Background and purpose: In the Kinzigtal region in Southwest Germany, a population-based integrative care system has been set up in 2005–2006, organising care across all health service sectors and indications. The system is run by a regional health management company (Gesundes Kinzigtal GmbH) in cooperation with the physicians' network in the region and with two statutory health insurers (among them is the biggest health insurer in Southwest Germany: AOK Baden-Württemberg). Membership is optional for insured persons in the Kinzigtal area. In contrast to many other Managed Care organisations, Gesundes Kinzigtal and its partners have intentionally attempted to prevent a policy of risk selection and to organize a better (integrated) care first of all for the so-called ‘bad risks’ such as older persons and the chronically ill. To determine whether that attempt has been successful, we analyse the administrative data of the concerned health insurers during the building phase of the Kinzigtal system (2006–2008).
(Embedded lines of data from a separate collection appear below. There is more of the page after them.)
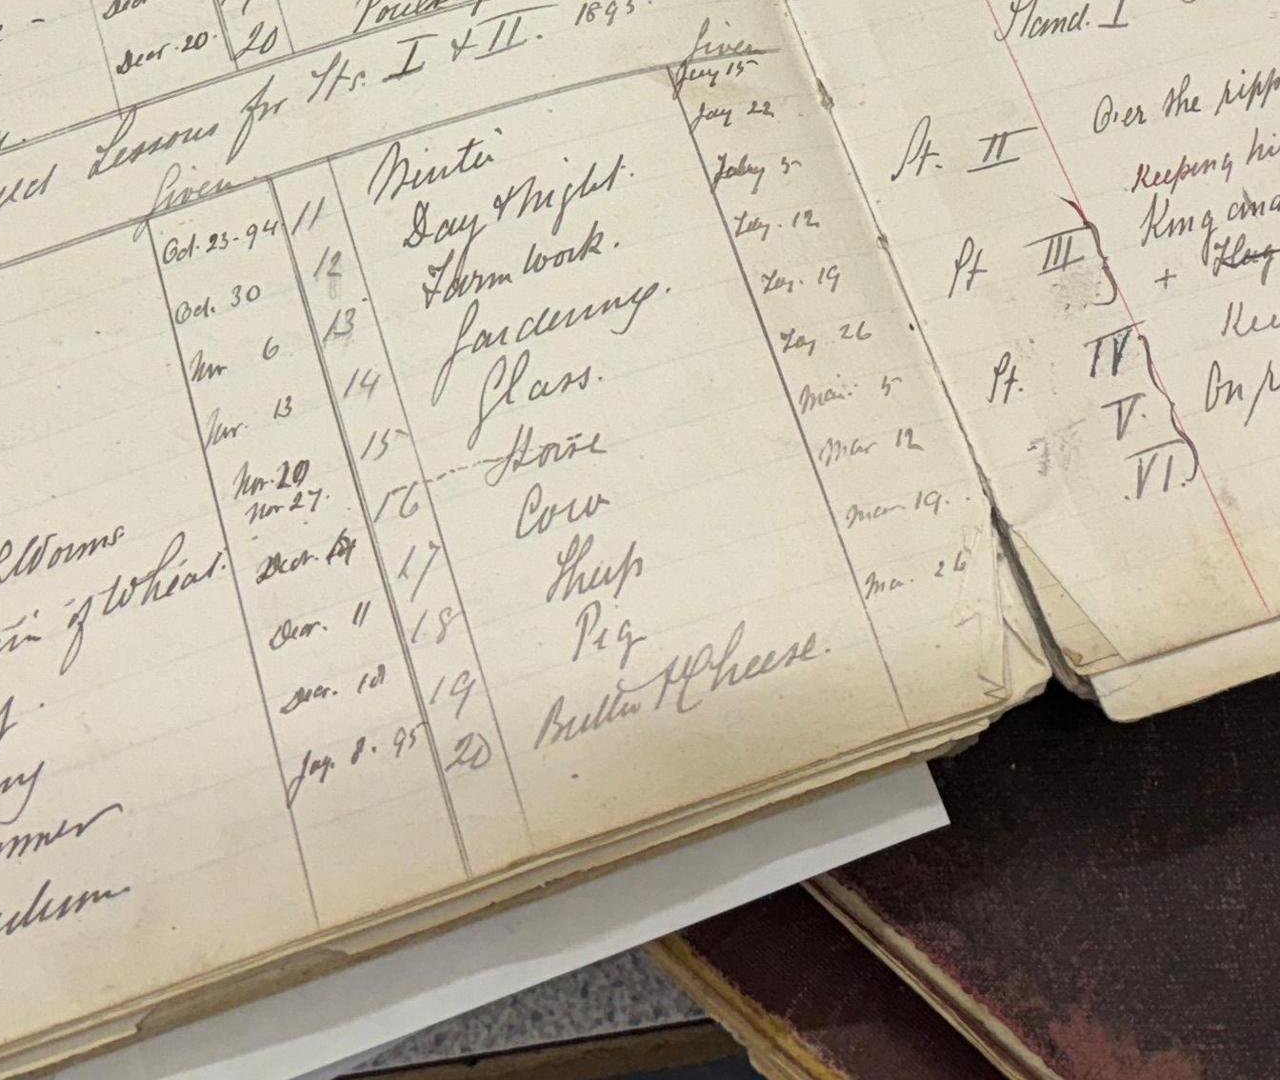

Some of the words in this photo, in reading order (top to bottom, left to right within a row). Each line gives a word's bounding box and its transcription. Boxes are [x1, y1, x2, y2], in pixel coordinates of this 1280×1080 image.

[234, 25, 280, 61] 20
[1161, 73, 1203, 117] the
[86, 104, 221, 181] Lessons
[224, 74, 289, 166] for
[1130, 151, 1235, 195] Keeping
[291, 196, 326, 237] 11
[312, 245, 344, 280] 12
[402, 200, 488, 304] Day
[230, 283, 262, 309] 30
[817, 264, 842, 292] 19
[321, 306, 358, 343] 13
[839, 321, 873, 341] 26
[261, 336, 282, 363] 6
[342, 367, 382, 401] 14
[273, 394, 294, 421] 13
[359, 428, 410, 462] 15
[466, 350, 591, 451] Glass
[894, 426, 924, 452] 12
[396, 539, 441, 604] 17
[515, 481, 612, 541] Cow
[351, 600, 373, 627] 11
[59, 599, 95, 677] of
[428, 670, 477, 722] 19
[570, 599, 647, 671] Pig
[444, 731, 493, 773] 20
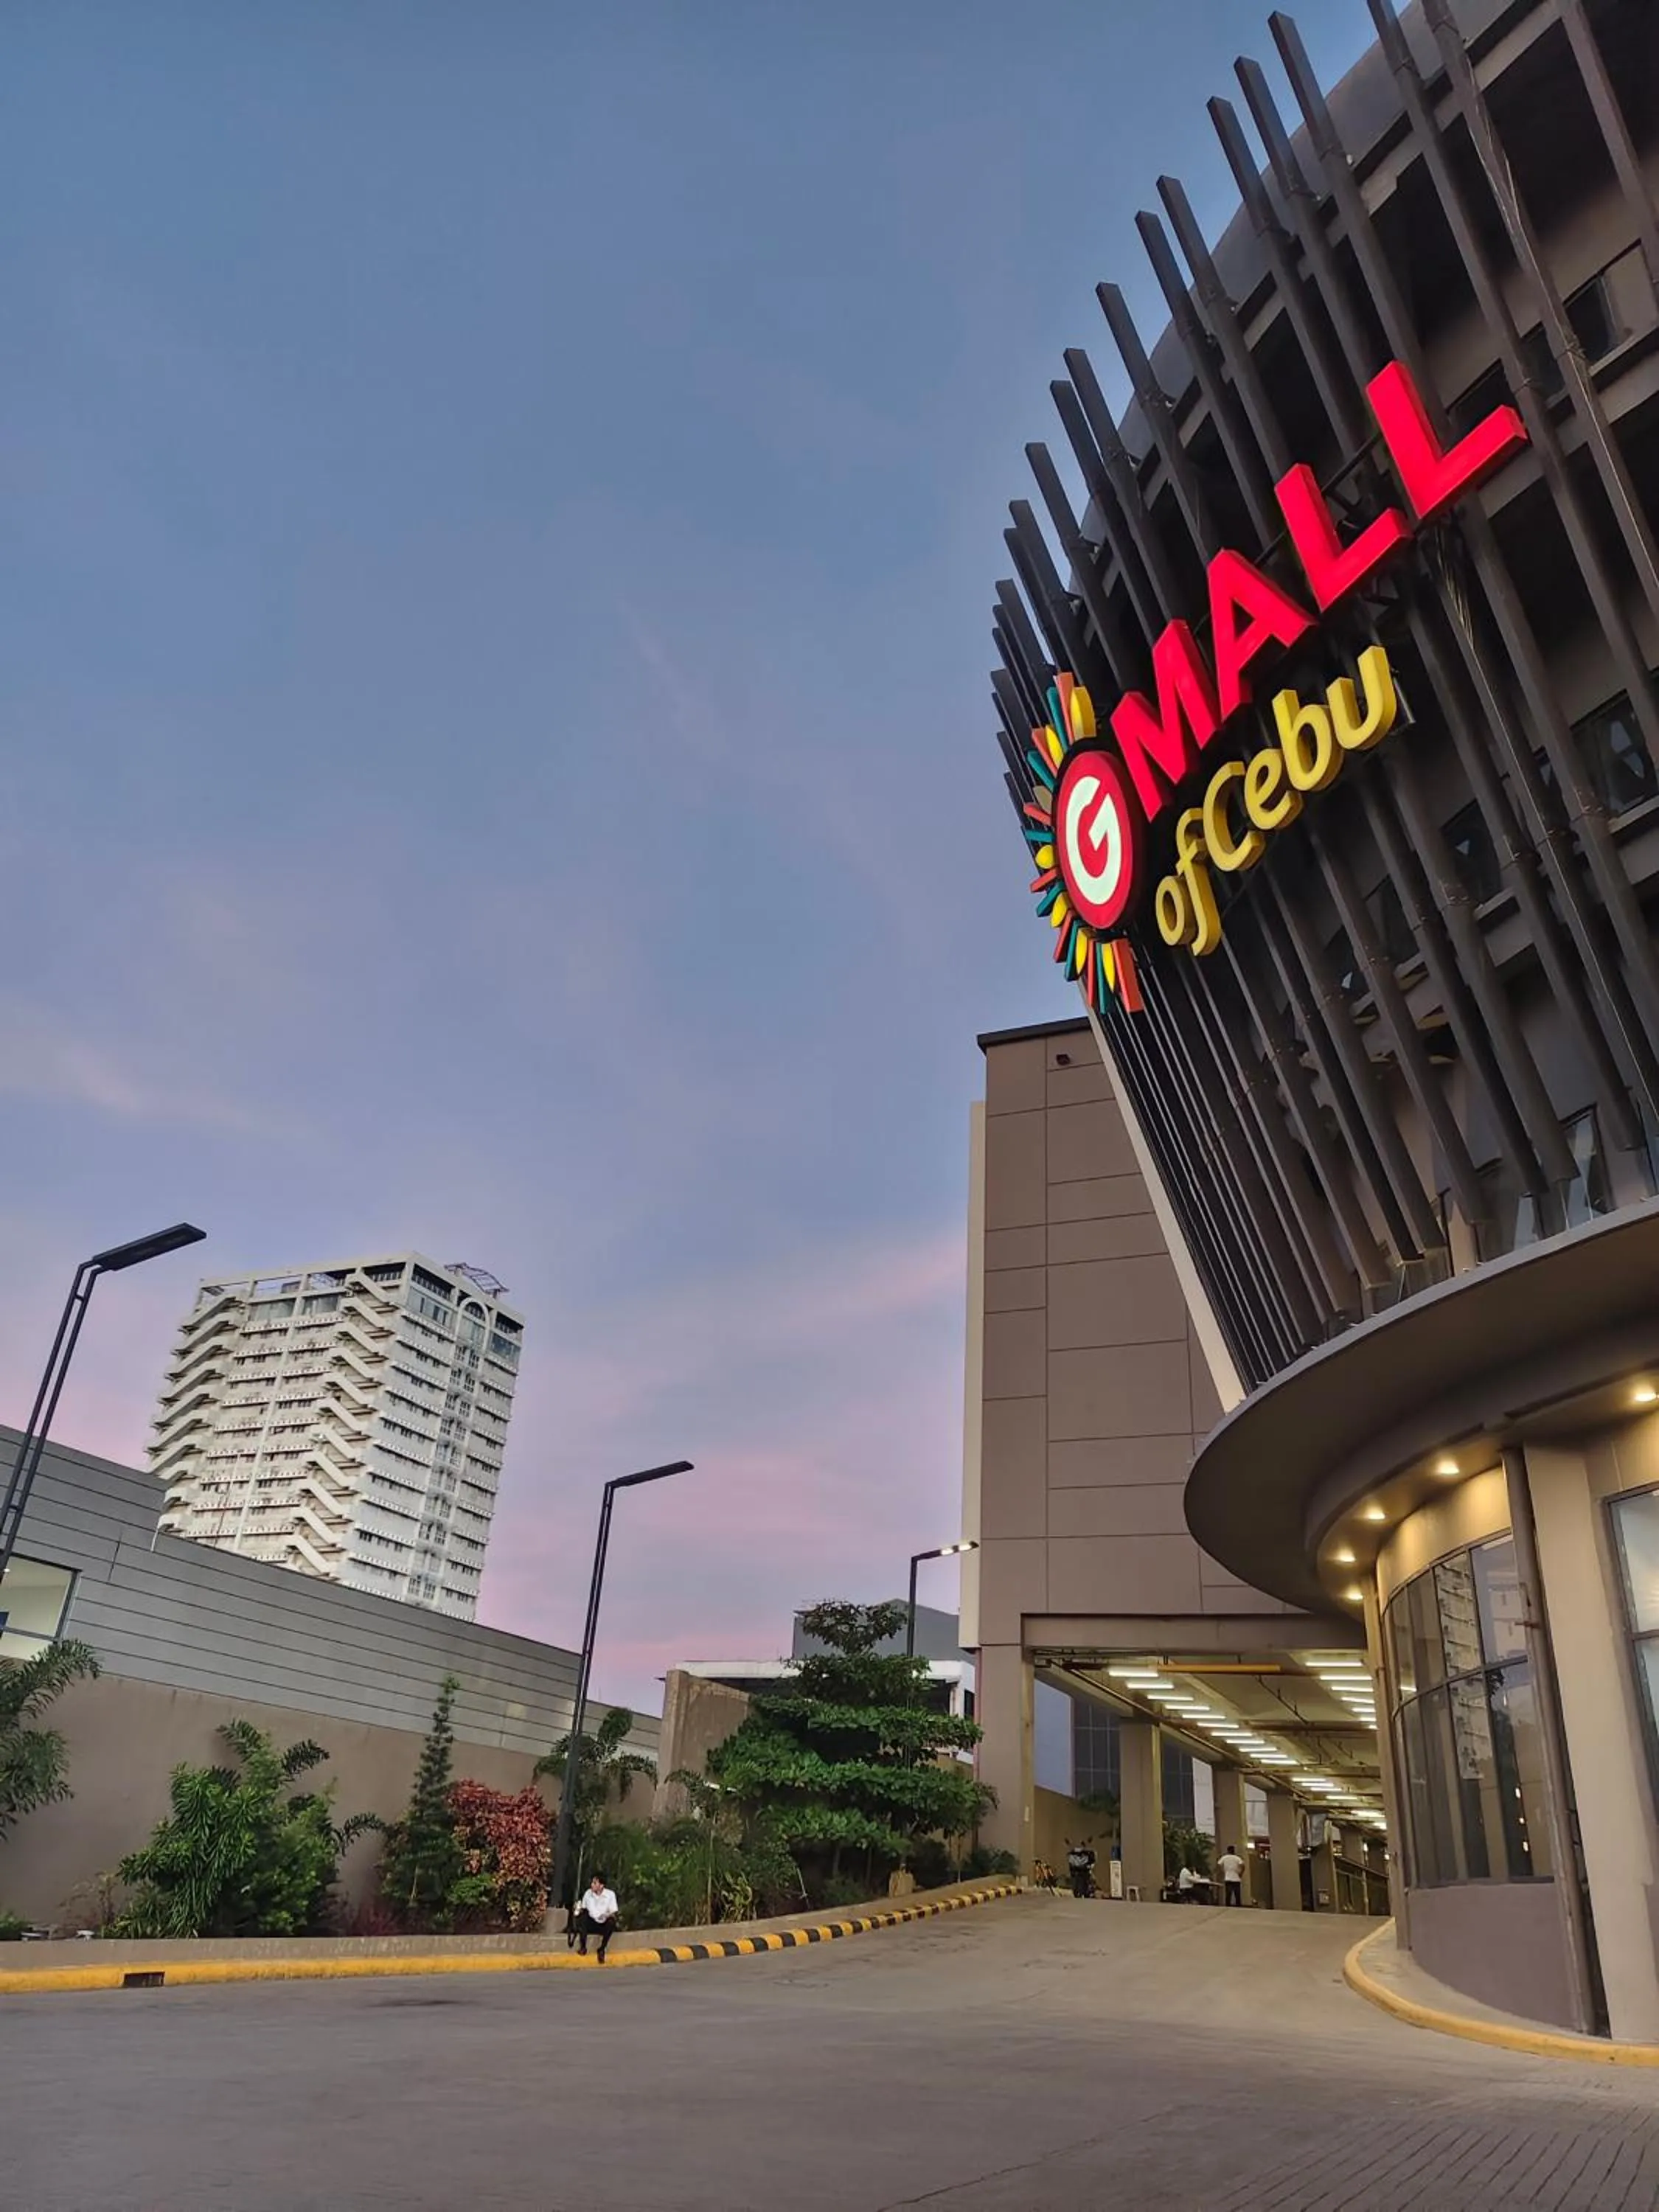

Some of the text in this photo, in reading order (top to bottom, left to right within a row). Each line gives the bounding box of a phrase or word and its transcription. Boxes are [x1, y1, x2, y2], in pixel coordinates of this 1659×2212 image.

Theory: A common critique of Managed Care initiatives holds that while economic and financial goals have come to dominate, a strategy of risk selection—i.e. preferred recruitment of the young and/or healthy—has often been forwarded. To overcome this experience, Gesundes Kinzigtal and its partners have set up a specific system of contractual and financial incentives to realize a kind of inverted risk selection, implying the preferred recruitment of the so-called ‘bad risks’. In the contribution we outline the contractual and economic incentives which are to produce an inverted risk selection and a more efficient care in greater detail.
Methods: To check whether Gesundes Kinzigtal has managed to realize an inverted risk selection, age, social status and morbidity costs of the insured members of the integrated care network are compared with the data of those assureds in the Kinzigtal region who have not (yet) become members. The contribution will focus on the health insurers' administrative data that were collected during the whole building phase of the system (2006–2008).
Results and conclusions: The available data show that the Kinzigtal integrated care system has indeed managed to realize an inverted risk selection during its building phase (2006–2008), i.e. its members are considerably older and cause remarkably higher morbidity costs than the non-members in that area.
Discussion: The contractual and financial incentives of the Kinzigtal system have obviously been adequate means to realize an inverted risk selection. At the same time, the financial results of the first two years (2006–2007) of the system have turned out surprisingly positive (see other abstract)—thus Gesundes Kinzigtal demonstrates the huge potential of population-based integrated care approaches.